I’ve spent too much time trying to find the smoking gun to prove something malicious, only to eventually convince myself “this has to be a sysadmin doing weird stuff, right? They’re always doing weird things.” Then later, it turns out it was malicious. If something doesn’t pass the sniff test and there’s a chance of high impact, do something about it.

Better to be wrong and have isolated a sysadmin’s machine for 20 minutes than to ignore your instincts and let an attacker continue lateral movement while you chase perfect certainty. Your gut (experience and pattern recognition) are part of the likelihood calculation too.

Understanding Impact

Impact isn’t a simple yes/no. It’s multiplicative. Every dimension amplifies or reduces the severity. These factors stack on top of each other to determine how urgent your response needs to be.

The impact multipliers matter:

  • Who: Standard user vs local admin vs domain admin
  • Where: Single endpoint vs multiple hosts vs critical infrastructure (DC)
  • What: Information access vs credential theft vs persistence vs data exfiltration
  • Scope: Isolated incident vs active lateral movement vs environment-wide compromise

Think about how these multiply together. A standard user on a single workstation accessing some files? Low impact across all dimensions, isolated, limited access, minimal damage potential. But a domain admin account doing enumeration of sensitive data on your domain controller? Maximum impact. You’ve got the highest privilege level (Who), on the most critical system (Where), with reconnaissance activity suggesting they’re planning next steps (What), and the potential for full domain compromise (Scope). Every multiplier is maxed out. That’s when you drop everything.

Combining Likelihood and Impact

Your response urgency should match the combination of these factors.

  • High likelihood + High impact = investigate immediately. This goes to the top of your pile. Drop everything.
  • High likelihood + Low impact = quick check, move on. Contain it, verify no lateral movement, document it, move on.
  • Low likelihood + High impact = keep monitoring. Set up monitoring, document your concerns, but don’t burn hours chasing shadows yet.
  • Low likelihood + Low impact = deprioritize. These can hopefully be safely ignored while you respond to higher priority items.

Quick Reference Matrix

High Impact Low Impact
High Likelihood Investigate immediatelyDrop everything, this is urgent Quick check, move onContain, verify scope, document, done
Low Likelihood Keep monitoringSet up monitoring, document concerns, don’t chase shadows DeprioritizeNote it, move to higher priority items

Why This Works in MDR

The kill chain gives you direction. The likelihood/impact matrix gives you prioritization. Together, they let you make fast, defensible decisions about where to spend your limited investigation time.

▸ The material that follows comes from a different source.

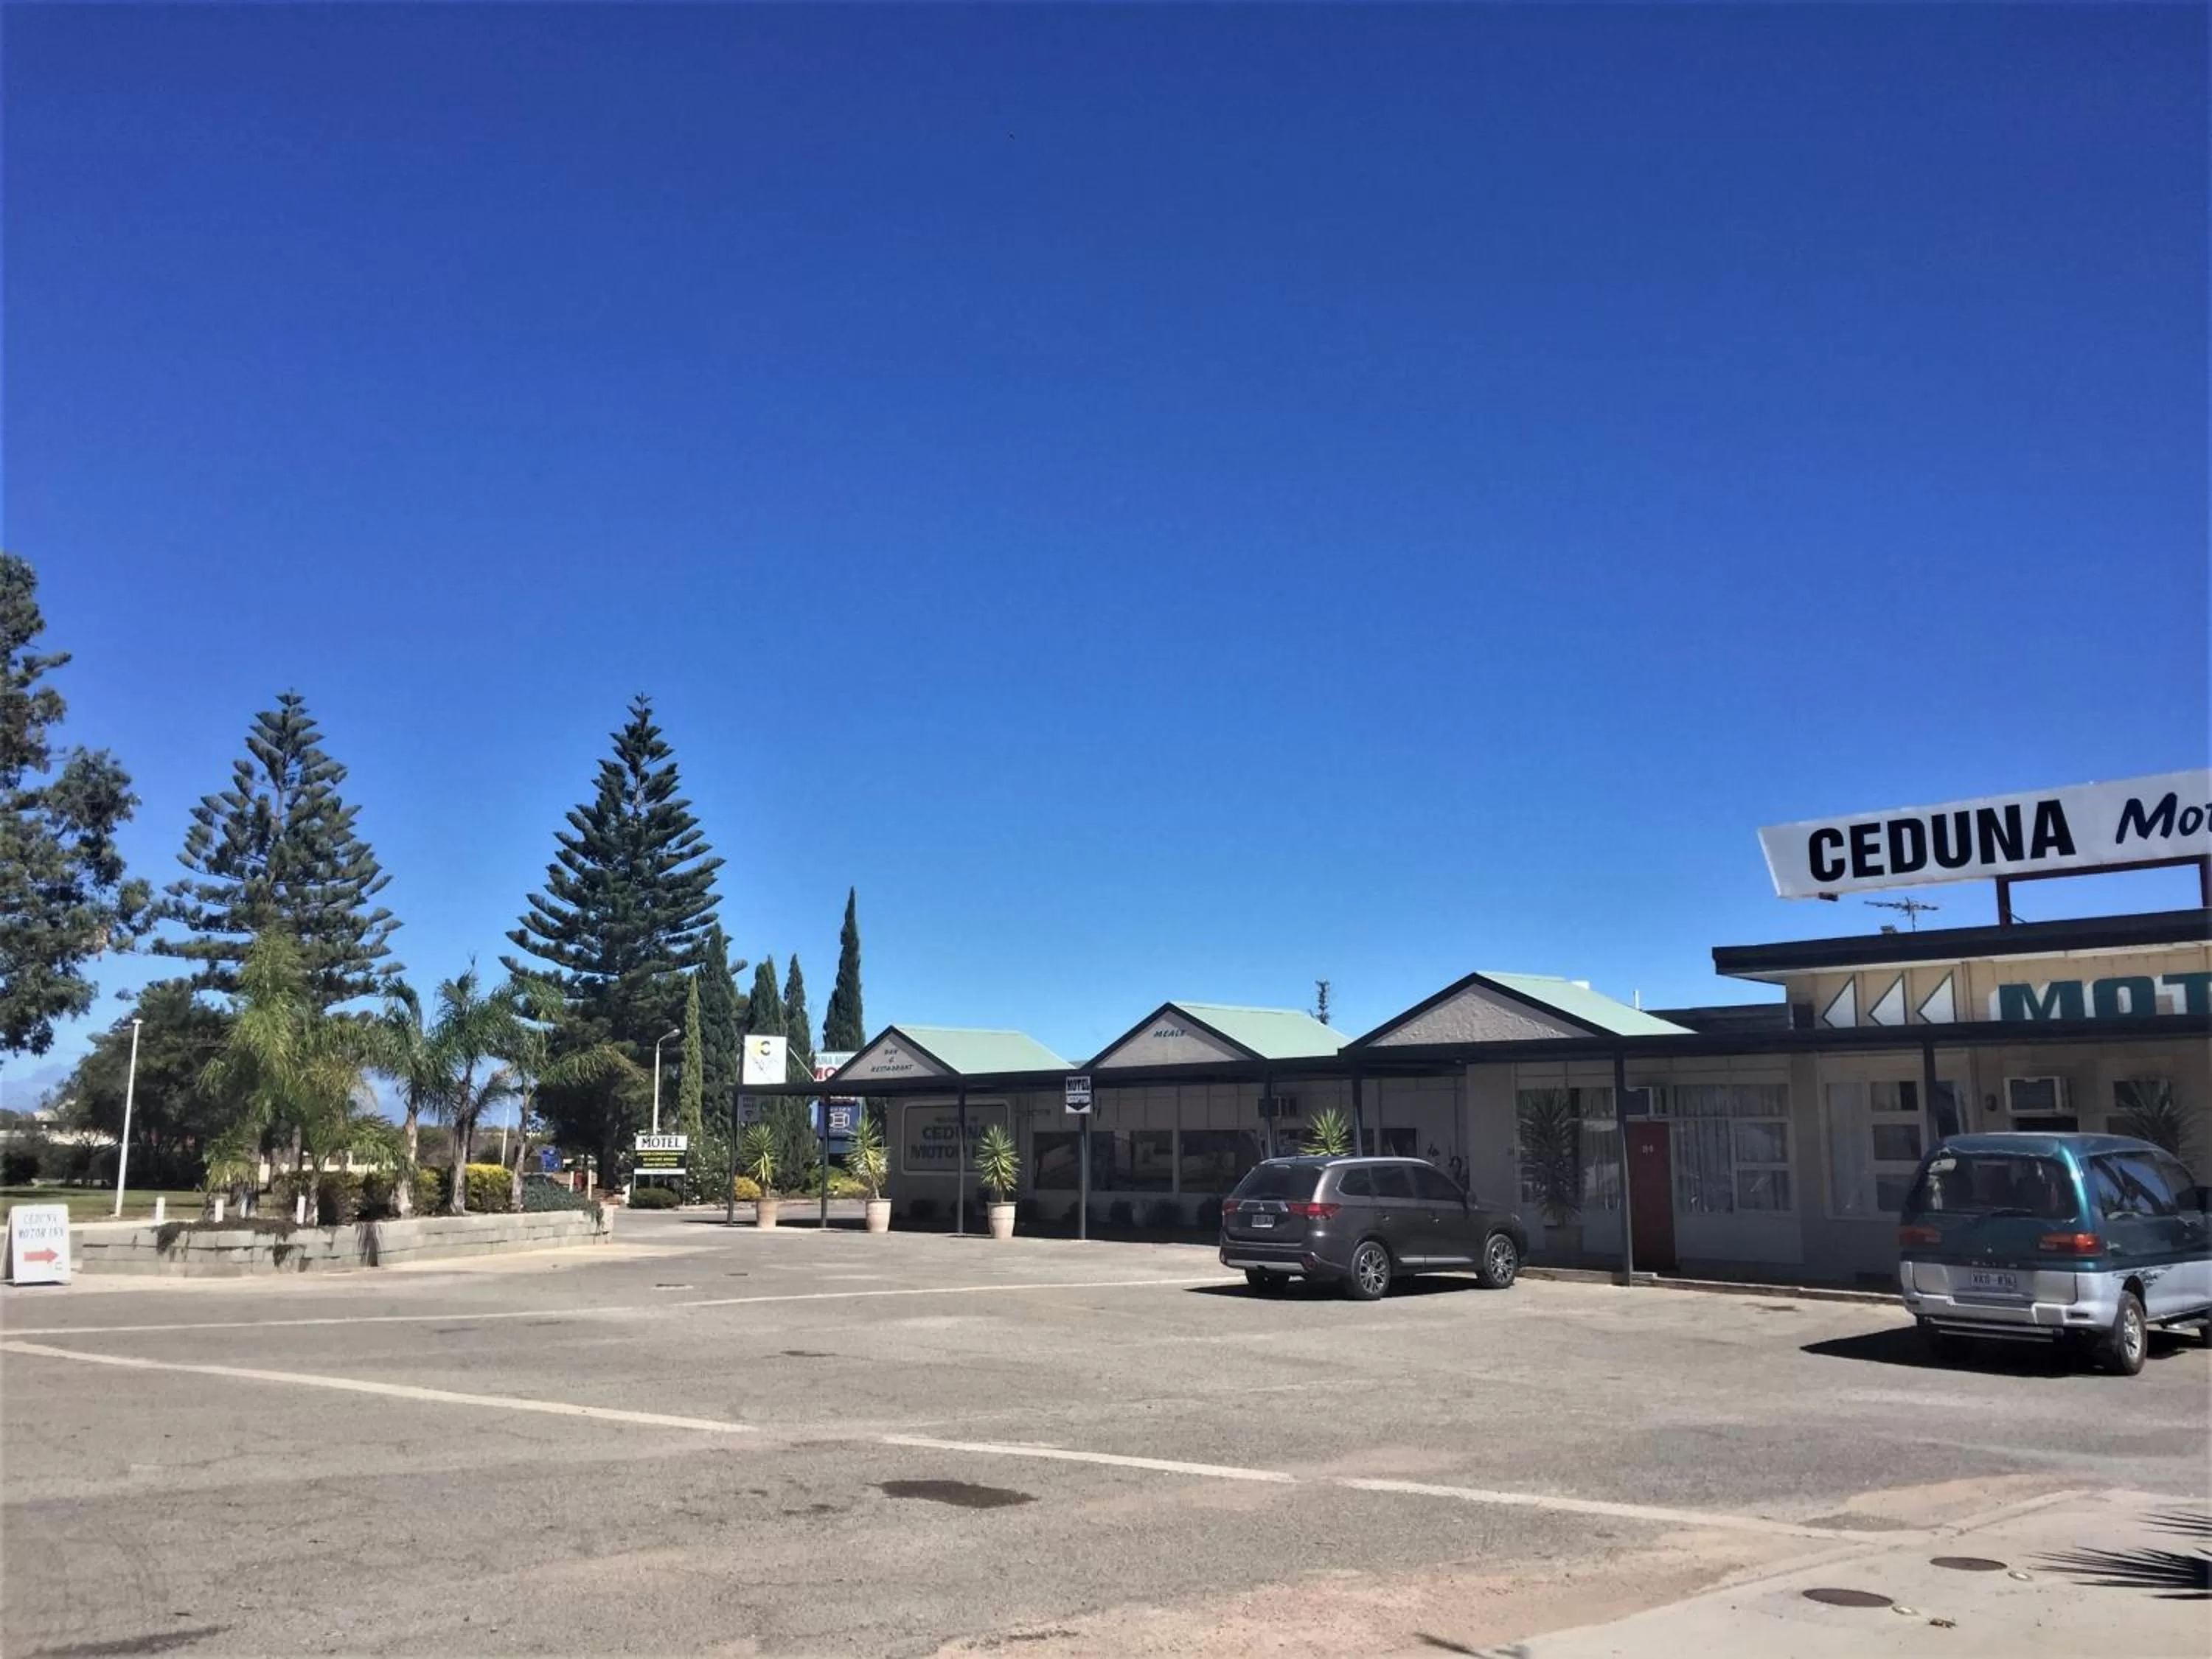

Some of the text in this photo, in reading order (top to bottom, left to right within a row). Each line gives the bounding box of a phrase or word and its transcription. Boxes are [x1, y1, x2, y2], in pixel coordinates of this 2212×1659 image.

[1809, 799, 2076, 883] CEDUNA
[1989, 972, 2212, 1020] MOT
[1067, 1078, 1090, 1091] MOTEL
[640, 1137, 681, 1148] MOTEL

Remember you’re not trying to reconstruct every detail like a forensics analyst would. You’re not building a perfect timeline of every action. You’re trying to understand enough to make the right next decision: Do we contain now? Do we escalate to the client? Do we keep investigating to fill critical gaps? Each piece of evidence should inform that decision, not just add to a complete picture for its own sake.


Final Thoughts

Investigation theory in MDR isn’t about following a framework perfectly. It’s about understanding the principles well enough to know which ones matter right now, in this investigation, for this decision.

The kill chain tells you where you are in the story. Likelihood and impact tell you how urgently you need to act. Together, they create a mental model that lets you move fast without being reckless, and be thorough without wasting time.

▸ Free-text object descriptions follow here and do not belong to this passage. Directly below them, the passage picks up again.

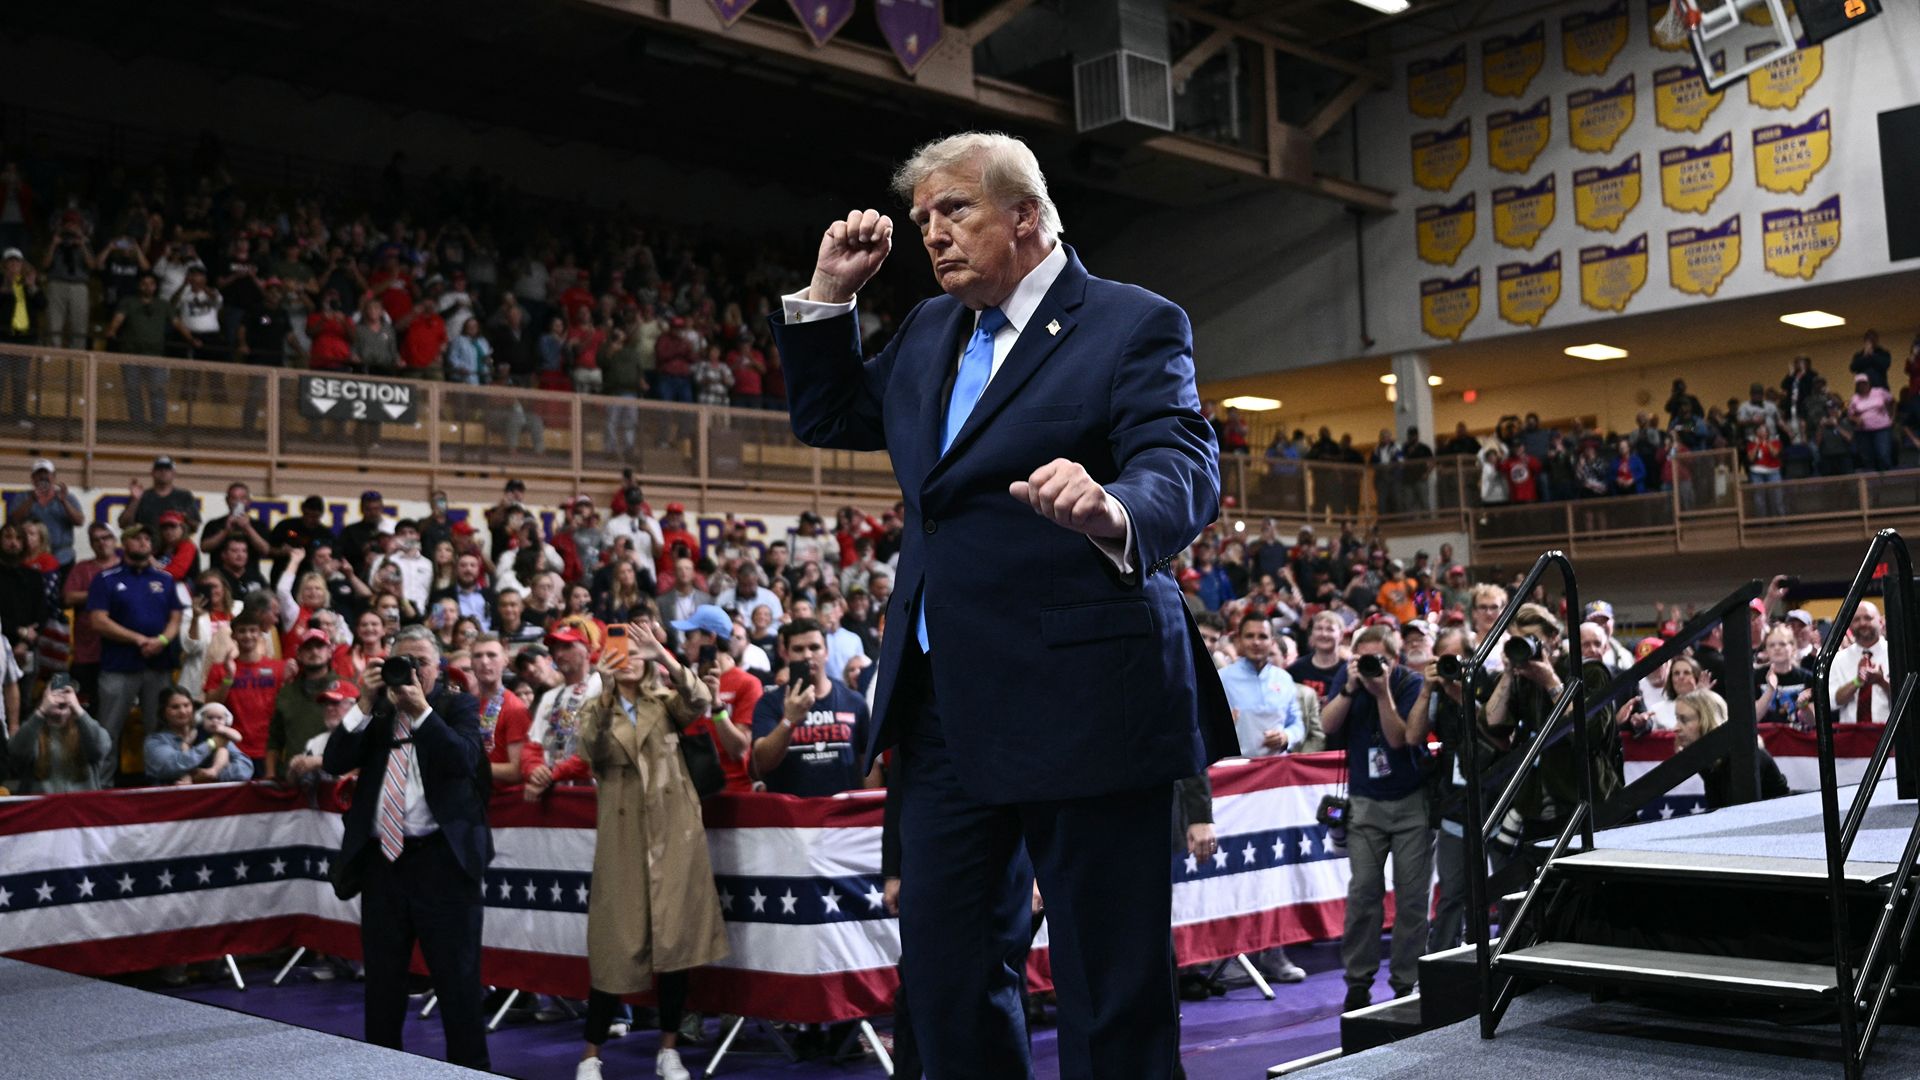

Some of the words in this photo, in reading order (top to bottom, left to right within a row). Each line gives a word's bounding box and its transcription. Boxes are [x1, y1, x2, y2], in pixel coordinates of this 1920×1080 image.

[1671, 80, 1703, 94] DANN
[1783, 226, 1817, 241] STATE
[1768, 236, 1835, 257] CHAMPIONS
[310, 378, 410, 403] SECTION
[352, 400, 367, 419] 2
[804, 710, 835, 726] JON

The best investigators I know don’t have perfect recall of every framework. They have strong pattern recognition, they trust their instincts, and they know when “good enough” is actually good enough. They understand that in MDR, your job isn’t to answer every question, it’s to answer the right questions fast enough to matter.

So next time you’re staring at a suspicious alert, ask yourself: Where in the kill chain are we? How likely is this to be malicious? If it is, what’s the impact? Then make your call and first move.

The clock is always ticking. Make your decisions count. And Finally Stay Curious Folks!